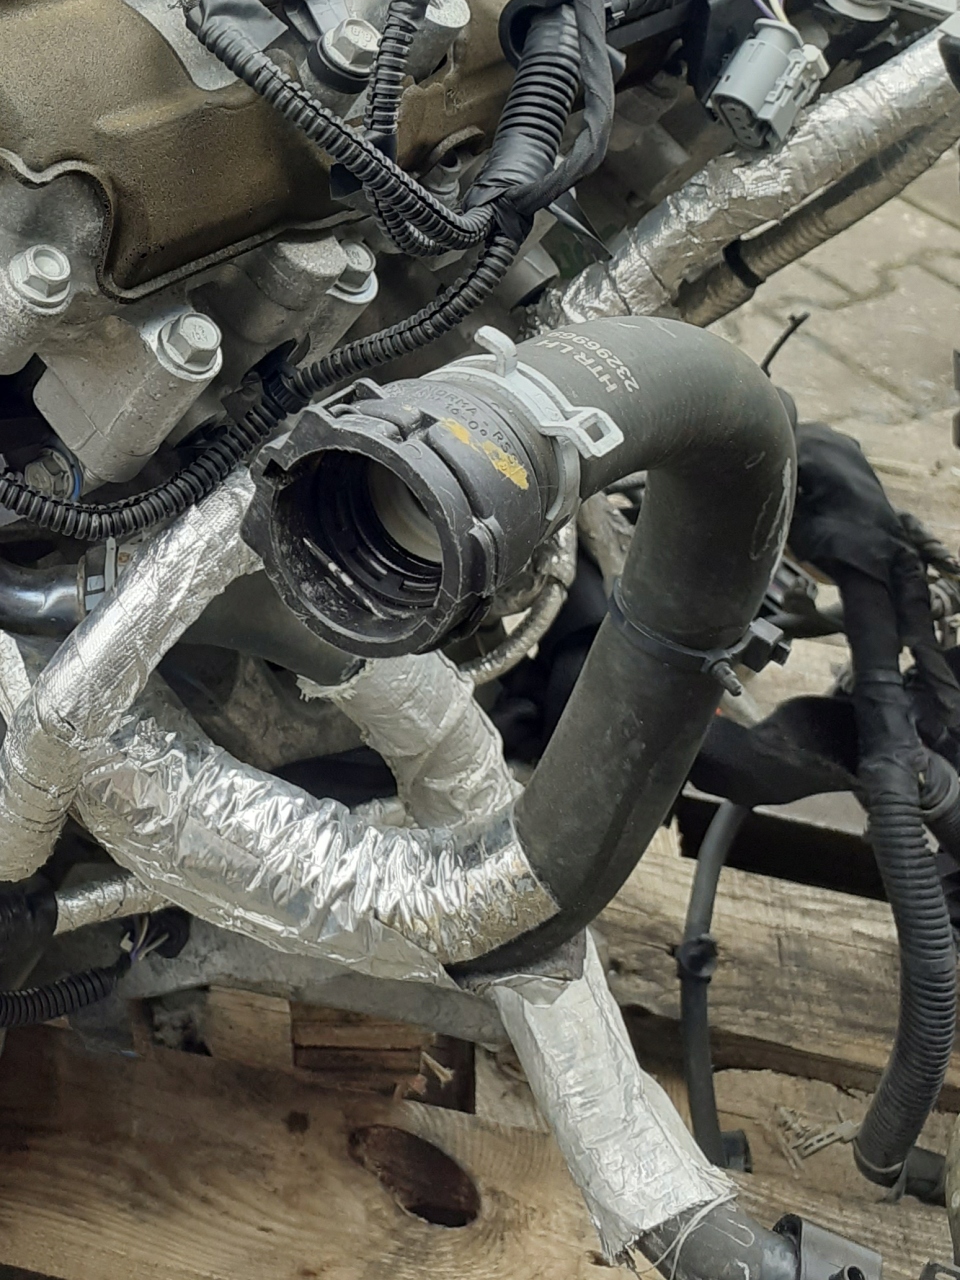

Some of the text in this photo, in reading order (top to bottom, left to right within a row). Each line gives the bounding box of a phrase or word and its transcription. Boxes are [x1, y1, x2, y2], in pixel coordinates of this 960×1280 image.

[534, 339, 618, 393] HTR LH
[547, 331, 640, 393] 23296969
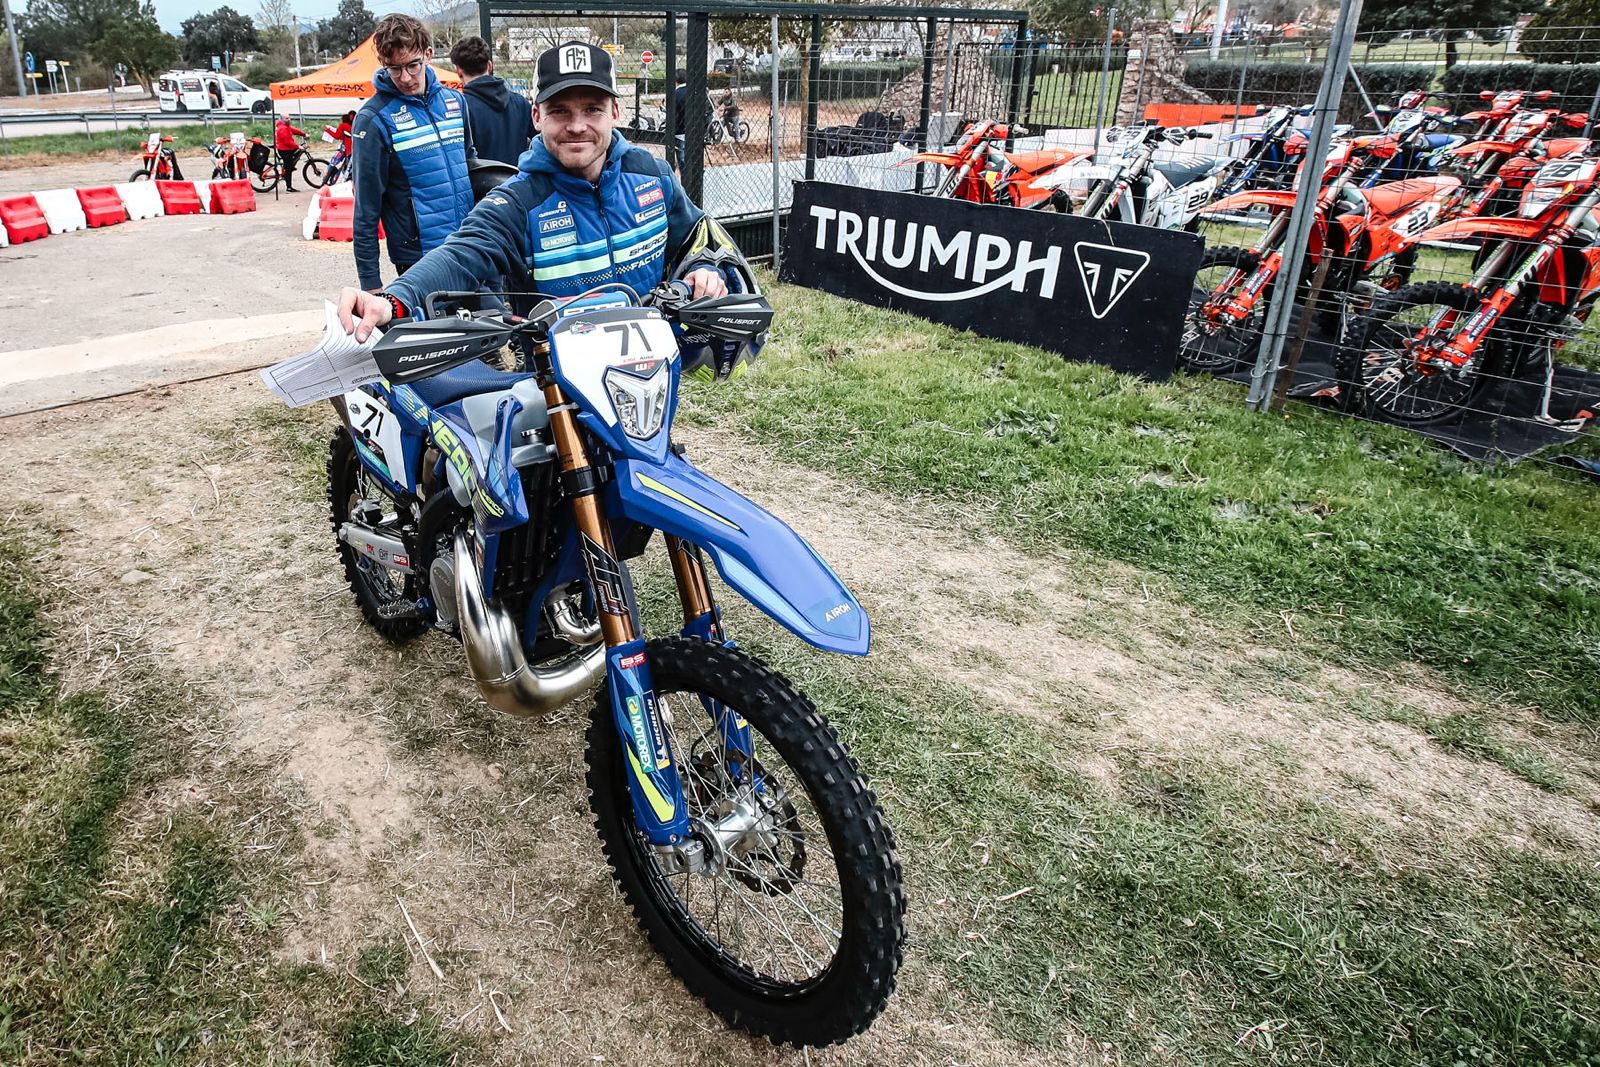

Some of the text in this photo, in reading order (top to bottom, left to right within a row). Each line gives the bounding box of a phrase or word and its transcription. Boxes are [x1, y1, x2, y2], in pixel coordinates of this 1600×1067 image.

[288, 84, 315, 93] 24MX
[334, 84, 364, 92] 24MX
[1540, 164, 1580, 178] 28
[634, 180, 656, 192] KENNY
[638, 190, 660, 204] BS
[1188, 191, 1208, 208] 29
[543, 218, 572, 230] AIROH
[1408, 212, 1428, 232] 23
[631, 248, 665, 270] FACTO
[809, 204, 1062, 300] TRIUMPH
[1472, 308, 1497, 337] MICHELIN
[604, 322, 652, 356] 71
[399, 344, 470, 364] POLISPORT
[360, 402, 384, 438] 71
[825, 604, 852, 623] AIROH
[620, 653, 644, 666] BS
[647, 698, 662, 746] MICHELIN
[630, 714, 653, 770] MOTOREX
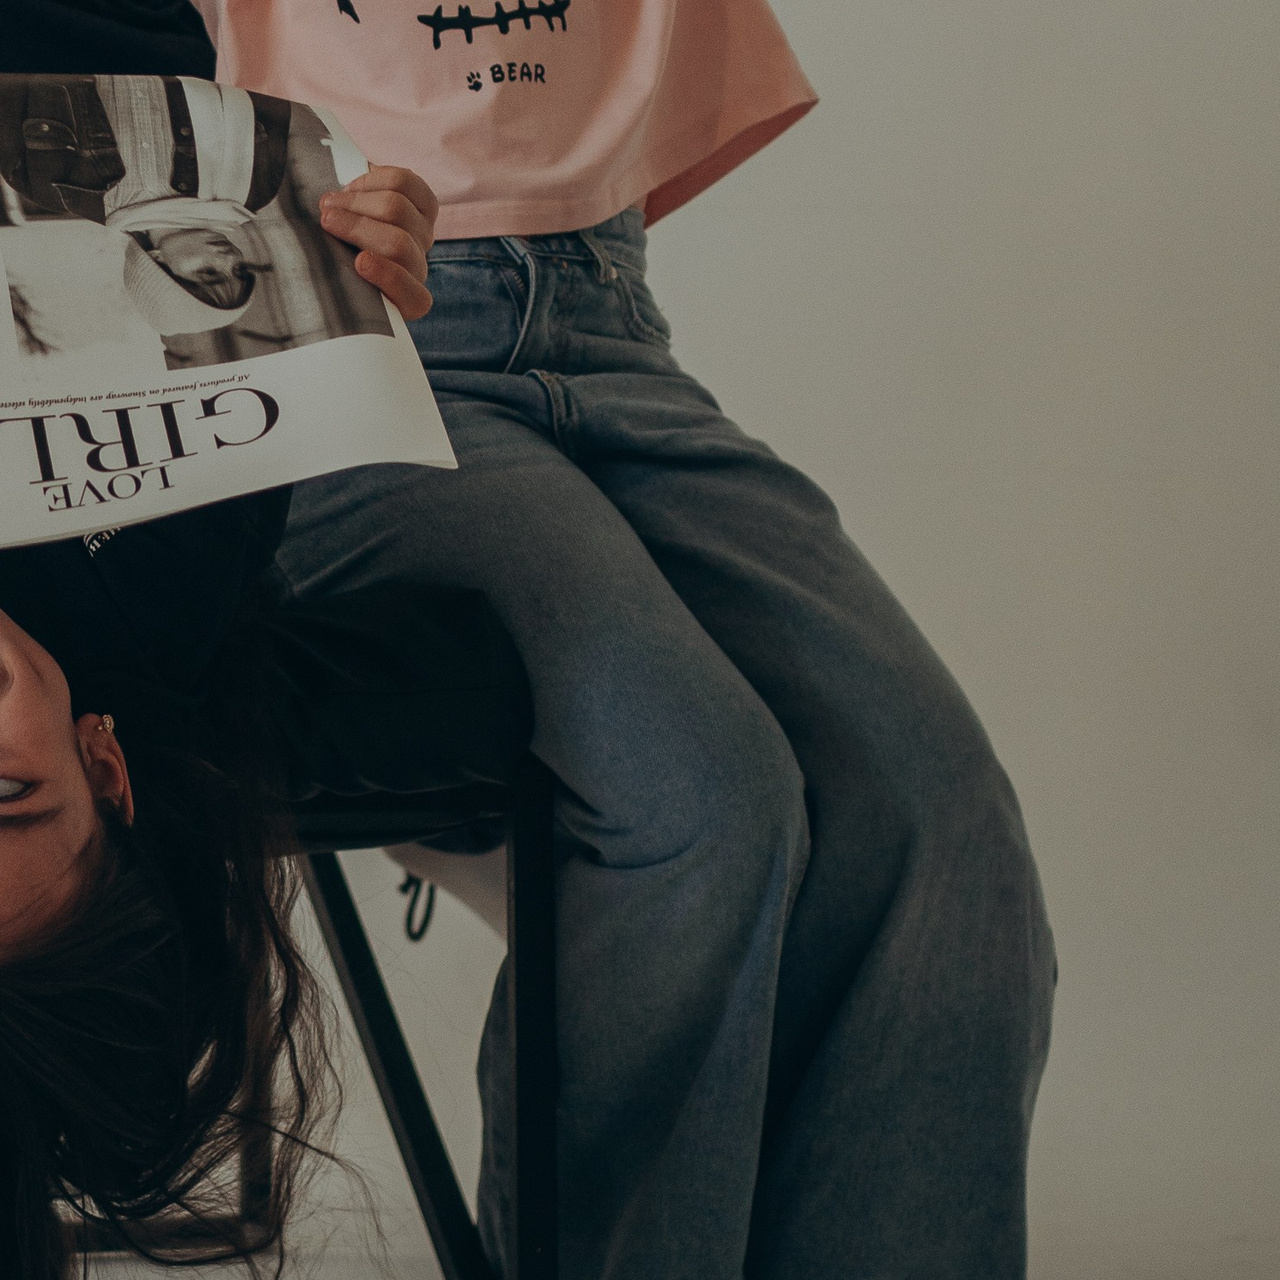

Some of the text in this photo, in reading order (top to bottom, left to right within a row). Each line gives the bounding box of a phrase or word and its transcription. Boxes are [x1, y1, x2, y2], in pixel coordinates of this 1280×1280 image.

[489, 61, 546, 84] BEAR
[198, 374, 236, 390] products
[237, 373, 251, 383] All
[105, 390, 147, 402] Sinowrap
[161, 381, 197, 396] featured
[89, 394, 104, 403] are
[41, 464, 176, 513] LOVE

EXERCISE OBJECTIVE: Leave out the pictures and set down all of the data exactly.

EXERCISE OUTPUT:
Some of the text in this photo, in reading order (top to bottom, left to right within a row). Each line gives the bounding box of a phrase or word and its transcription. Boxes are [x1, y1, x2, y2], in pixel coordinates of this 960×1280 image.

[534, 339, 618, 393] HTR LH
[547, 331, 640, 393] 23296969

Some of the text in this photo, in reading order (top to bottom, left to right within a row). Each line gives the bounding box of a phrase or word and its transcription. Boxes are [x1, y1, x2, y2], in pixel coordinates of this 1600×1067 image.

[288, 84, 315, 93] 24MX
[334, 84, 364, 92] 24MX
[1540, 164, 1580, 178] 28
[634, 180, 656, 192] KENNY
[638, 190, 660, 204] BS
[1188, 191, 1208, 208] 29
[543, 218, 572, 230] AIROH
[1408, 212, 1428, 232] 23
[631, 248, 665, 270] FACTO
[809, 204, 1062, 300] TRIUMPH
[1472, 308, 1497, 337] MICHELIN
[604, 322, 652, 356] 71
[399, 344, 470, 364] POLISPORT
[360, 402, 384, 438] 71
[825, 604, 852, 623] AIROH
[620, 653, 644, 666] BS
[647, 698, 662, 746] MICHELIN
[630, 714, 653, 770] MOTOREX

Some of the text in this photo, in reading order (top to bottom, left to right within a row). Each line gives the bounding box of a phrase or word and its transcription. Boxes are [x1, y1, x2, y2], in pixel coordinates of this 1280×1280 image.

[489, 61, 546, 84] BEAR
[198, 374, 236, 390] products
[237, 373, 251, 383] All
[105, 390, 147, 402] Sinowrap
[161, 381, 197, 396] featured
[89, 394, 104, 403] are
[41, 464, 176, 513] LOVE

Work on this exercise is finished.